Tolcapon hemmt selektiv und reversibel die COMT sowohl in der Peripherie als
auch im Gehirn. Es fungiert selbst als Substrat der COMT. Das Molekül trägt zwei
elektronenziehende Substituenten und gibt selbst leicht ein Proton ab. Das
resultierende Anion hat eine hohe Affinität zur COMT und blockiert den Zugang von
Substraten wie beispielsweise Catecholaminen und Levodopa zum Zentrum, an dem
die 0-Methylierung katalysiert wird. Die gleichzeitige Gabe von Tolcapon mit
Levodopa und einem Decarboxylasehemmer aromatischer Aminosäuren bewirkt
somit stabilere cerebrale Plasmaspiegel von Levodopa, indem zusätzlich zur
peripheren Decarboxylierung auch die 0-Methylierung des Levodopa verhindert
wird.
Wertende Zusammenfassung
Schwerpunkt der Parkinsontherapie ist die Behandlung mit Levodopa, die darauf
abzielt, das Dopamin-Defizit im Gehirn auszugleichen. Im Gegensatz zu Dopamin
kann Levodopa, die unmittelbare Vorstufe in der Biosynthese, die Bluthirnschranke
passieren, gelangt in das ZNS und wird dort zu Dopamin decarboxyliert. Damit dies
Decarboxylierung nicht bereits in der Peripherie erfolgt, wird Levodopa in einer
Kombination mit Decarboxylasehemmern wie Benserazid oder Carbidopa
verabreicht. In dieser Kombination kann die Dosierung von Levodopa und damit
auch das Auftreten von Nebenwirkungen durch das in der Peripherie gebildete
Dopamin reduziert werden. Etwa die Hälfte aller Parkinsonpatienten entwickelt
allerdings nach langjähriger Levopopa-Therapie motorische Fluktuationen
(On-Off-Phänomen), die den Patienten in seiner Beweglichkeit stark beeinträchtigen
und psychisch belasten.
Mit Tolcapon kam nun ein COMT-Hemmer auf den Markt, der das Auftreten
solcher Komplikationen lindert oder zumindest hinauszögert. Dies kann nur erreicht
werden, wenn die Dosierung von Levodopa auf ein wirksames Minimum reduziert
und zugleich eine Konstanz der Arzneistoffkonzentration im Hirngewebe
herbeigeführt wird. Durch zusätzliche Blockade der COMT werden im Rahmen
dieser Kombinationstherapie (Levodopa plus Decarboxylasehemmer plus Tolcapon)

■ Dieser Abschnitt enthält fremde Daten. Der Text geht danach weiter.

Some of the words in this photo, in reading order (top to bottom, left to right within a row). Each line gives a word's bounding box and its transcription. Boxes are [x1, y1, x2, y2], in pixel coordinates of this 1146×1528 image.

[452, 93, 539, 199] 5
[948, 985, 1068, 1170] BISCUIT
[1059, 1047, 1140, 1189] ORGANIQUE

die beiden Hauptabbauwege des Levodopa gehemmt. Die Bioverfügbarkeit und
damit auch die Konstanz der Dopaminspiegel im Gehirn werden optimiert, so daß
die Dosierung von Levodopa auf ein Minimum reduziert werden kann.

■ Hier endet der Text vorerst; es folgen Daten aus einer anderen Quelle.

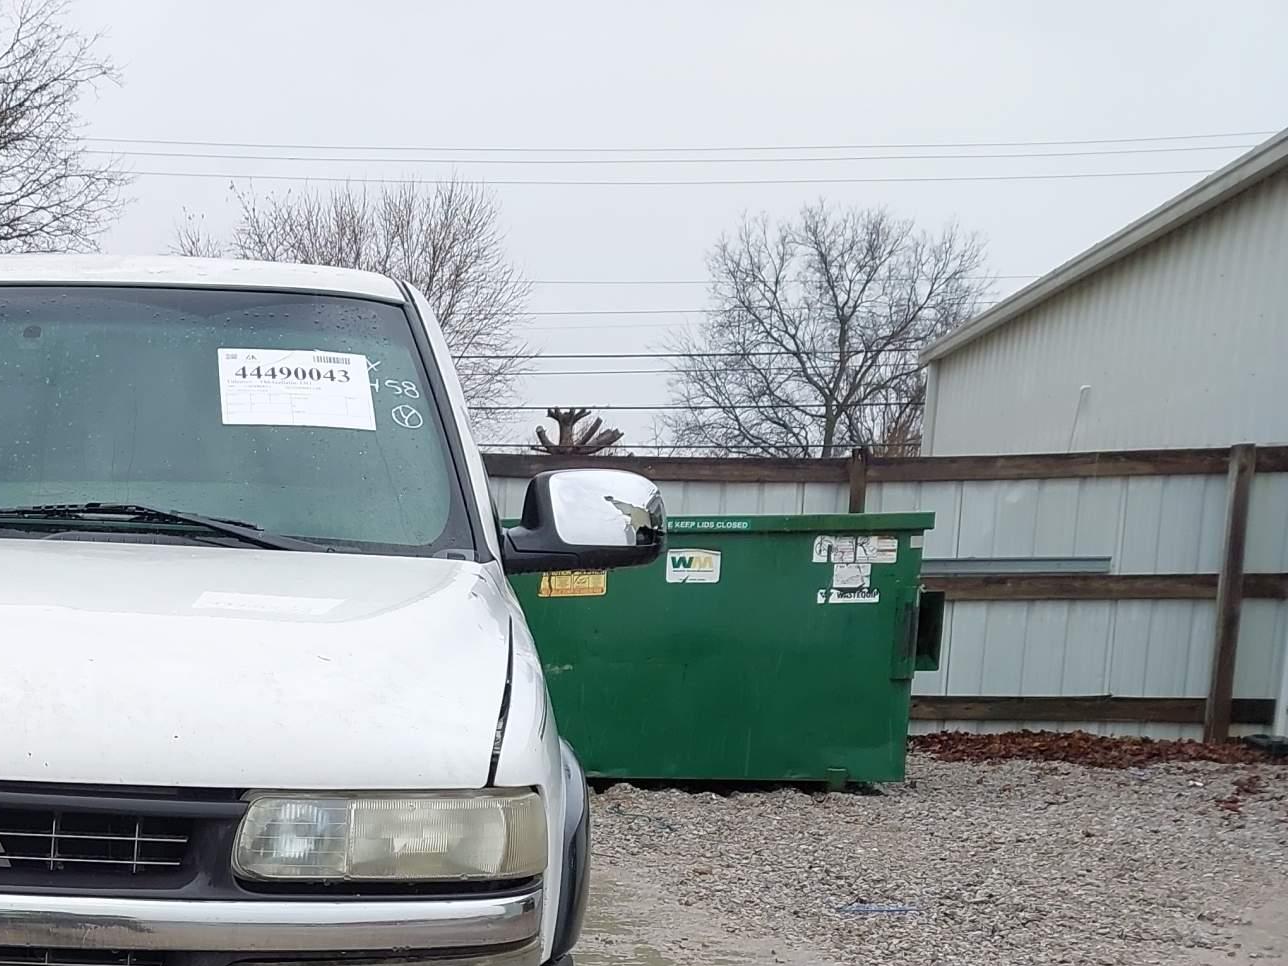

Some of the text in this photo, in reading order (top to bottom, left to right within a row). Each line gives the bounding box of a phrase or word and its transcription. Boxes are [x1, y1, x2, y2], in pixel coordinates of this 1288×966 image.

[234, 365, 351, 383] 44490043
[674, 521, 696, 529] KEEP
[697, 521, 715, 529] LIDS
[716, 521, 749, 529] CLOSED
[671, 555, 714, 569] WM

Unter der gleichzeitigen Behandlung mit Tolcapon wurden die Phasen besserer
Beweglichkeit auch im Vergleich zu anderen Antiparkinsonmitteln verlängert und das
Auftreten der motorischen Störungen (Unbeweglichkeit) reduziert bezeihungsweise
verzögert. Als häufigste Nebenwirkungen wurden unter anderem Dyskinesien,
Schlafstörungen und Störungen des Magen-Darm-Traktes beobachtet.